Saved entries
◆ ◆ ◆ ◆ ◆
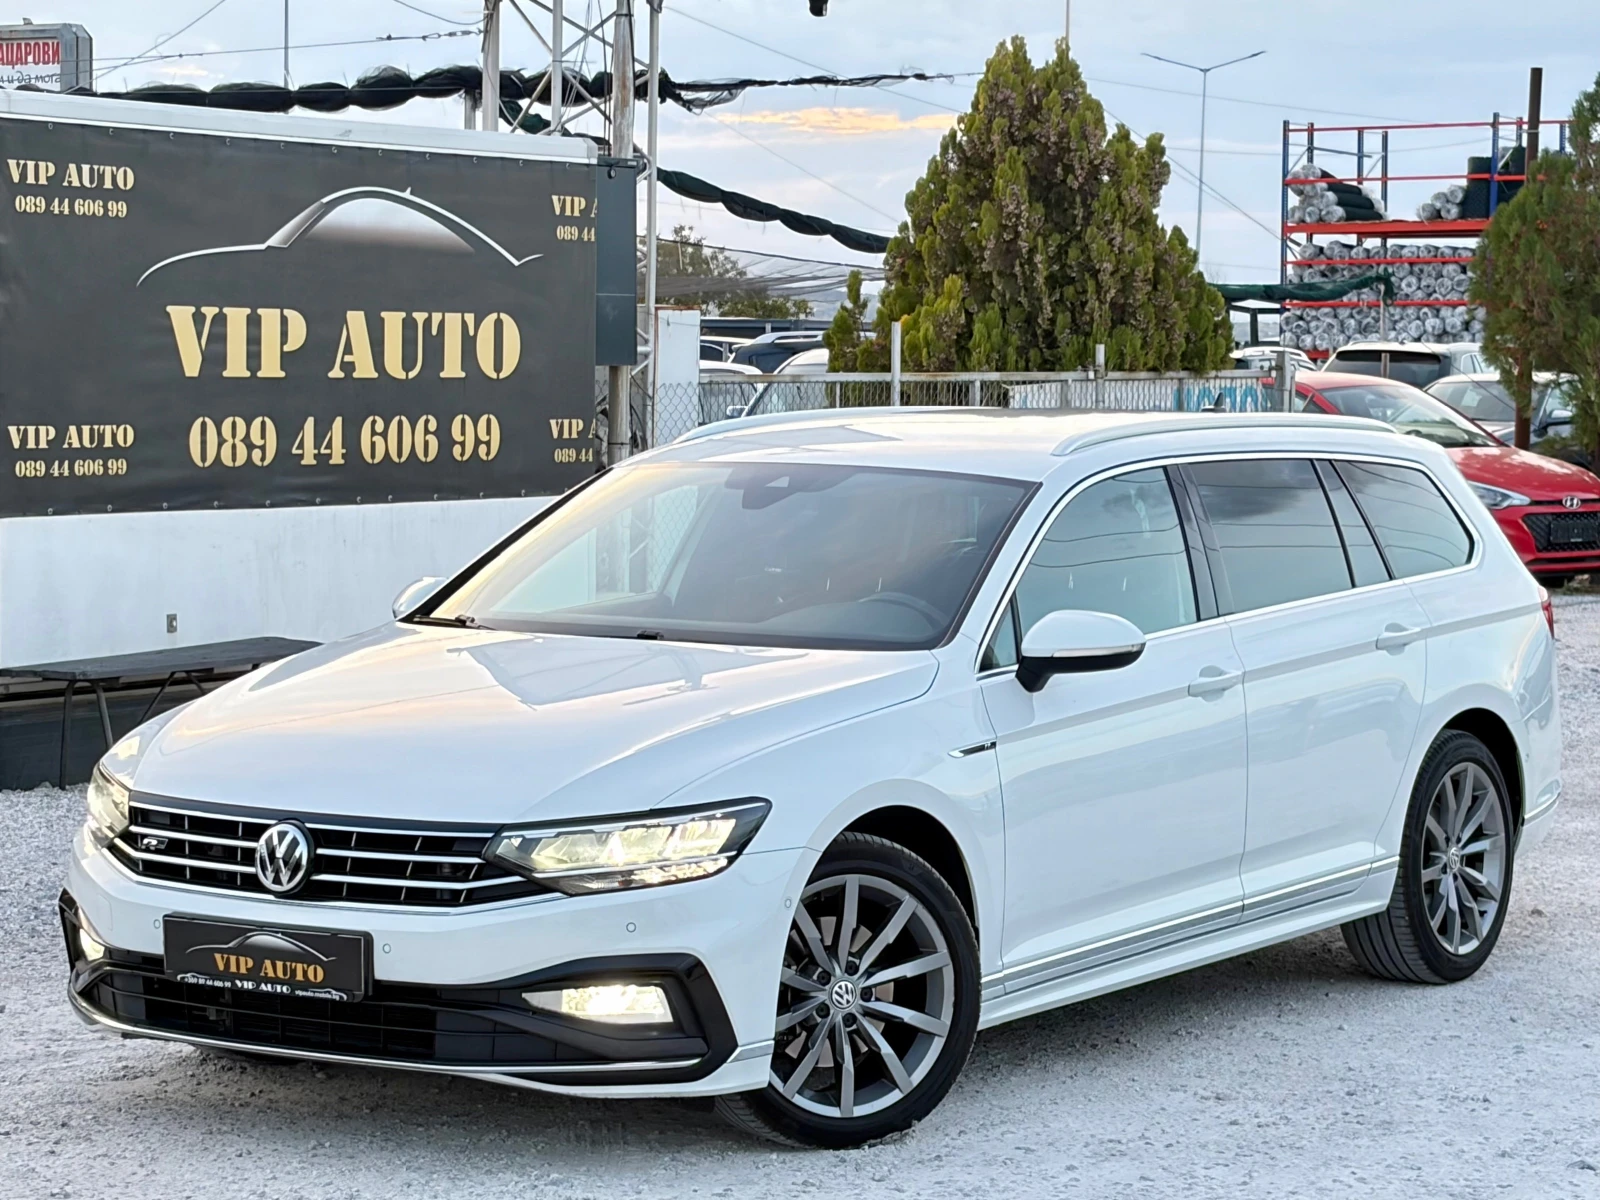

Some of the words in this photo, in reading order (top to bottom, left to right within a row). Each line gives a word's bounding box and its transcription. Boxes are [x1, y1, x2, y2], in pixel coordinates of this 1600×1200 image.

[7, 159, 56, 185] VIP
[62, 163, 135, 190] AUTO
[15, 195, 46, 213] 089
[50, 197, 70, 215] 44
[74, 198, 104, 217] 606
[107, 200, 127, 218] 99
[551, 194, 586, 217] VIP
[556, 225, 579, 241] 089
[581, 226, 596, 242] 44
[165, 304, 308, 379] VIP
[327, 310, 521, 380] AUTO
[7, 425, 56, 449] VIP
[62, 424, 135, 448] AUTO
[549, 418, 584, 439] VIP
[188, 415, 278, 468] 089
[291, 415, 347, 466] 44
[360, 414, 439, 464] 606
[450, 413, 501, 462] 99
[554, 447, 577, 463] 089
[579, 447, 593, 463] 44
[15, 460, 46, 477] 089
[50, 460, 70, 477] 44
[74, 459, 104, 476] 606
[107, 458, 127, 475] 99
[213, 952, 254, 974] VIP
[260, 958, 325, 983] AUTO
[235, 979, 256, 990] VIP
[259, 982, 292, 994] AUTO
◆ ◆ ◆ ◆ ◆
◆ **WHAT IS NEEDED**
Leave the pictures out and copy the rest of the data exactly.

◆ **ANSWER FOR THE TASK**
Some of the words in this photo, in reading order (top to bottom, left to right within a row). Each line gives a word's bounding box and its transcription. Boxes are [x1, y1, x2, y2], in pixel coordinates of this 1600×1200 image.

[7, 159, 56, 185] VIP
[62, 163, 135, 190] AUTO
[15, 195, 46, 213] 089
[50, 197, 70, 215] 44
[74, 198, 104, 217] 606
[107, 200, 127, 218] 99
[551, 194, 586, 217] VIP
[556, 225, 579, 241] 089
[581, 226, 596, 242] 44
[165, 304, 308, 379] VIP
[327, 310, 521, 380] AUTO
[7, 425, 56, 449] VIP
[62, 424, 135, 448] AUTO
[549, 418, 584, 439] VIP
[188, 415, 278, 468] 089
[291, 415, 347, 466] 44
[360, 414, 439, 464] 606
[450, 413, 501, 462] 99
[554, 447, 577, 463] 089
[579, 447, 593, 463] 44
[15, 460, 46, 477] 089
[50, 460, 70, 477] 44
[74, 459, 104, 476] 606
[107, 458, 127, 475] 99
[213, 952, 254, 974] VIP
[260, 958, 325, 983] AUTO
[235, 979, 256, 990] VIP
[259, 982, 292, 994] AUTO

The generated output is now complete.